Je ne pense pas que vous vouliez dire que j’aie tort de me plaindre, puisque vous avez dit à Breban de me mander que je ne me fâchasse point de ce que vous m’écrivez. Il valoit mieux ne me pas offenser que de me faire, satisfaction. Vous deviez jeter cette lettre au feu, et attendre à me faire réponse que vous eussiez été en meilleure humeur ; mais vous avez mieux aimé hasarder de perdre votre ami que de perdre vos peines : cela n’est pas d’une bonne cousine. Si je cherchois noise, vous m’auriez fourni en cet endroit un beau sujet de garder contre vous quelque chose sur mon cœur ; mais après vous avoir dit mon grief, je vous déclare que je ne vous aime pas moins que je faisois. Je vous prie aussi de prendre un peu plus garde une autre fois à ne pas blesser l’amitié que vous me devez.

M. de Corbinelli a raison de m’aimer ; car il sait bien que je l’aime extrèmement. Je me réjouis fort de le voir, et je vous plains de ce que vous ne le verrez de longtemps.

Je ne doute pas que vous n’ayez des ennemis, je le sais par d’autres que par vous ; mais, quoi qu’on m’ait mandé, je ne crois pas votre conduite si dégingandée qu’on dit, et je ne condamne pas les gens sans les entendre[1].

Je rends mille grâces à votre Grignan de son souvenir ; je ne saurois bonnement dire le sujet que j’ai de me rattendrir pour elle ; mais elle me paroît plus aimable de jour en jour, et je sens que je l’aime beaucoup plus que je ne faisois il y a trois mois.

À CORBINELLI.

Grondez un peu notre amie, afin de m’épargner la peine de me plaindre jamais d’elle à elle-même.
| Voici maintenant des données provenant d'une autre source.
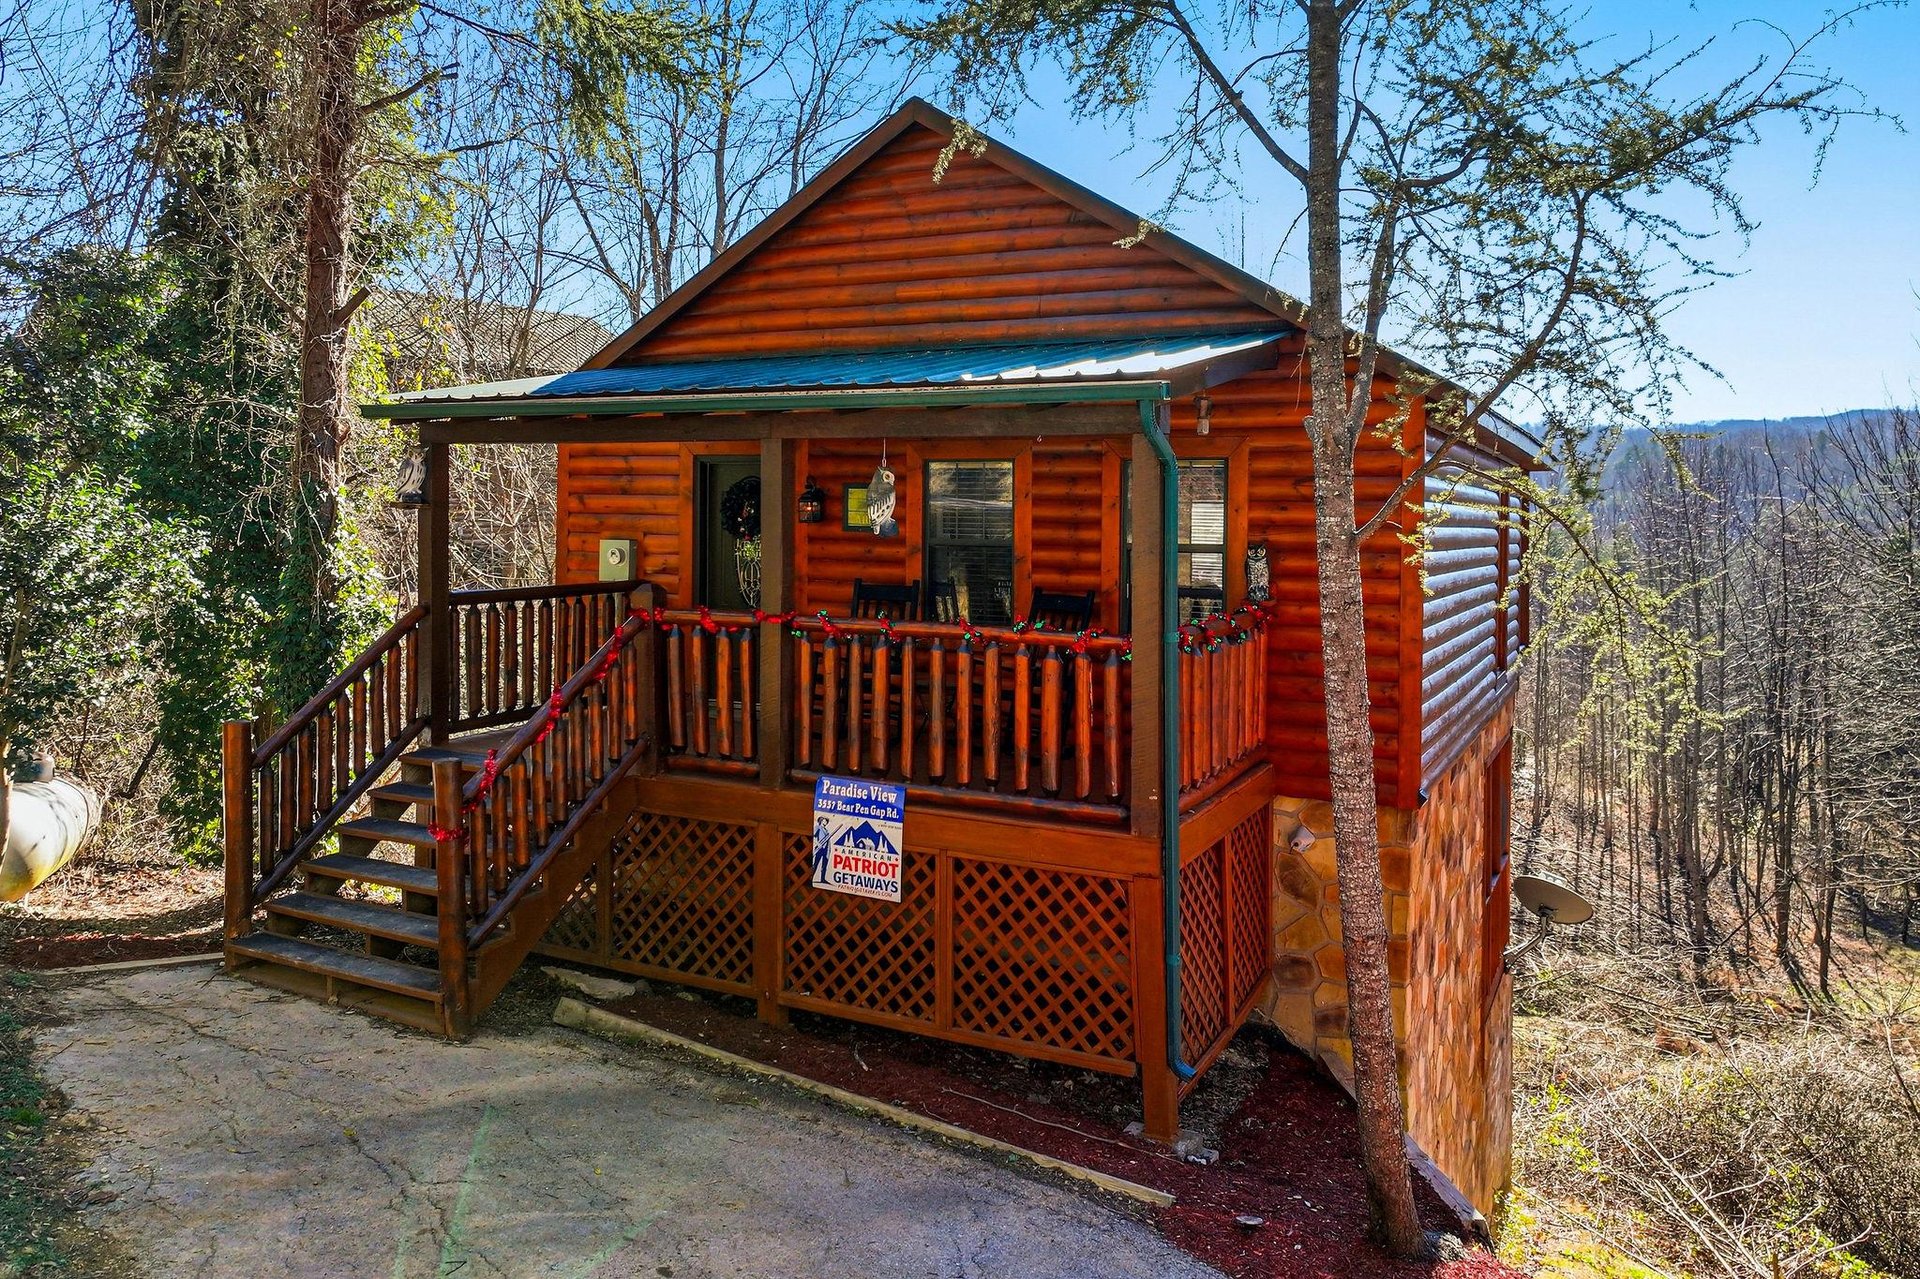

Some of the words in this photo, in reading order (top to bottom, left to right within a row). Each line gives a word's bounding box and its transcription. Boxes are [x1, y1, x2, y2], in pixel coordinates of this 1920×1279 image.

Un tiers a meilleure grâce de le faire que l’intéressé. Je vous promets à la pareille de lui laver la tête quand elle vous offensera. Ne croyez pas en être à couvert, car, quoique vous n’ayez pas, comme moi, de péché originel à son égard, défiez-vous de l’avenir : toute femme varie, comme disoit François Ier ; et puis, si elle vous écrivoit en méchante humeur, elle pourroit vous dire quelque rudesse, et alors je ferois merveille de la redresser. Si je ne suis pas encore à Bussy quand vous arriverez à Châtillon, écrivez-moi un mot par Gardien : je vous enverrai une chaise, car je ne présume pas si fort du plaisir que vous aurez de me voir, que je veuille vous le faire acheter par la moindre incommodité du monde. Pour moi, je meurs d’impatience de vous voir.


Nous terminons le tome Ier avec la première partie et ce qu’on peut appeler les préliminaires et le prélude de la Correspondance. Le second commencera là où commencent les éditions anciennes, c’est-à-dire aux lettres de Mme de Sévigné à son gendre, bientôt suivies de ses lettres à sa fille, où elle répand son âme tout entière, tout son esprit et tout son cœur. Nous avons mieux aimé faire le premier volume un peu fort que de nous arrêter avant cette division si naturelle et si tranchée.

fin du premier volume.

  1. Lettre 108. — i. Serait-ce une allusion aux bruits qui coururent après l’accident arrivé à Livry au chevalier de Grignan ? Voyez Walckenaer, tome II, p. 289, et la Notice, p. 110.